● Task description
Every record below should be repeated exactly. Omit the pictures.

[Given records Boundary: Start]

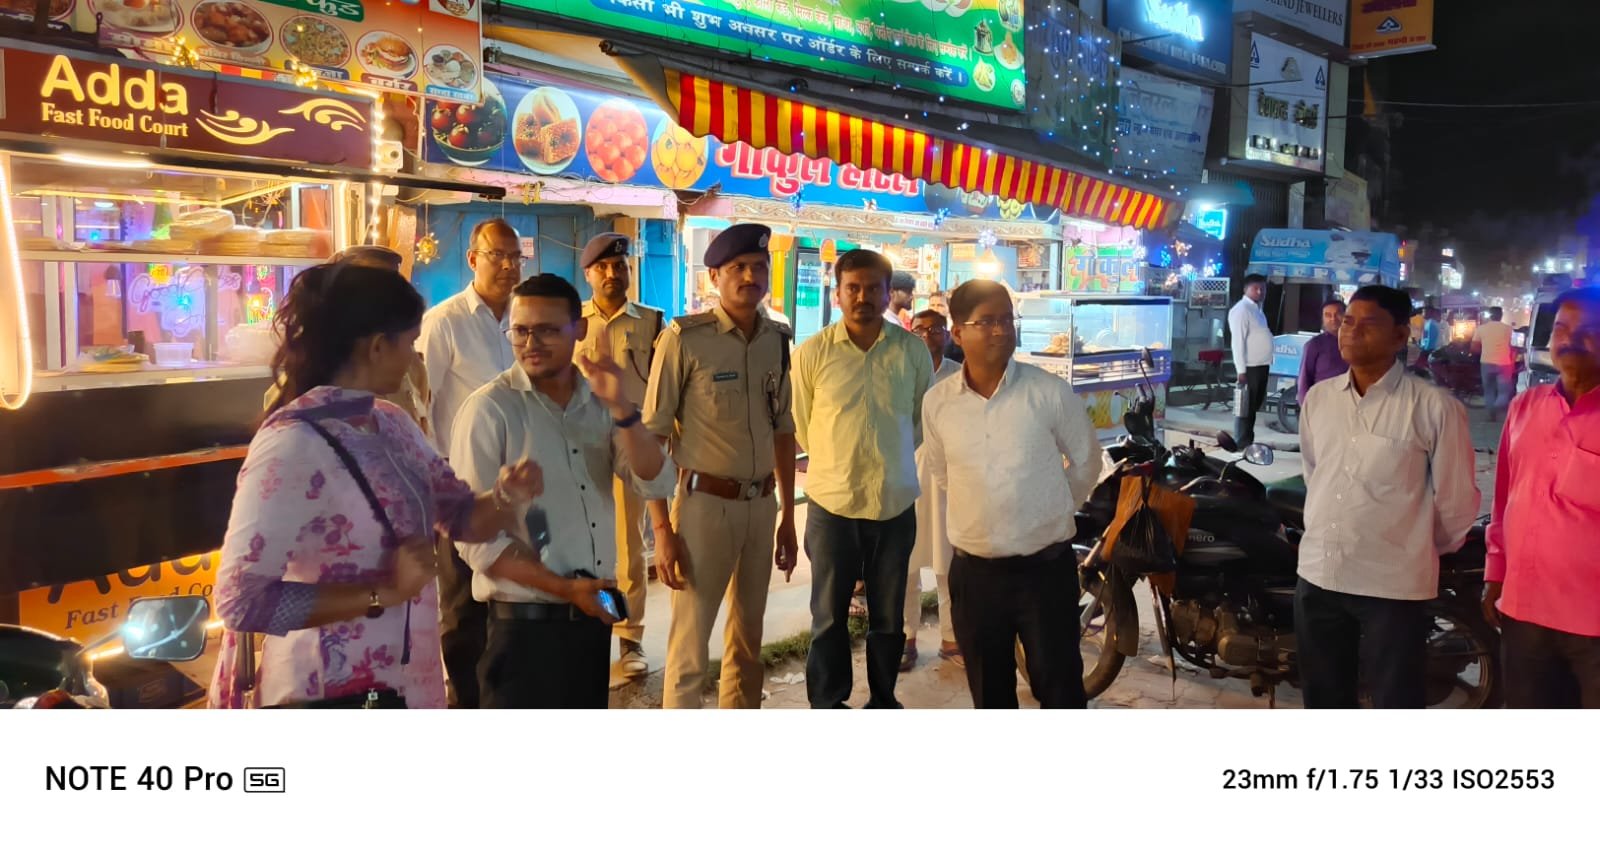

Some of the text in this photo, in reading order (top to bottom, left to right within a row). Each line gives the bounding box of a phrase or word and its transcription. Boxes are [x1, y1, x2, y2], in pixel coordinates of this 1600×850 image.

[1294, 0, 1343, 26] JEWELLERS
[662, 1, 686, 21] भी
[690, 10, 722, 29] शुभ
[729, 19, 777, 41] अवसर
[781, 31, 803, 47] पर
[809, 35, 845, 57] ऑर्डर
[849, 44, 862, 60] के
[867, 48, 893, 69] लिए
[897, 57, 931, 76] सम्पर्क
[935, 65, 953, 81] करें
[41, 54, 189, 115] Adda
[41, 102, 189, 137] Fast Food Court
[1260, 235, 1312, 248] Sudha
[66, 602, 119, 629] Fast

[Given records Boundary: End]

● Solution
Some of the text in this photo, in reading order (top to bottom, left to right within a row). Each line gives the bounding box of a phrase or word and its transcription. Boxes are [x1, y1, x2, y2], in pixel coordinates of this 1600×850 image.

[1294, 0, 1343, 26] JEWELLERS
[662, 1, 686, 21] भी
[690, 10, 722, 29] शुभ
[729, 19, 777, 41] अवसर
[781, 31, 803, 47] पर
[809, 35, 845, 57] ऑर्डर
[849, 44, 862, 60] के
[867, 48, 893, 69] लिए
[897, 57, 931, 76] सम्पर्क
[935, 65, 953, 81] करें
[41, 54, 189, 115] Adda
[41, 102, 189, 137] Fast Food Court
[1260, 235, 1312, 248] Sudha
[66, 602, 119, 629] Fast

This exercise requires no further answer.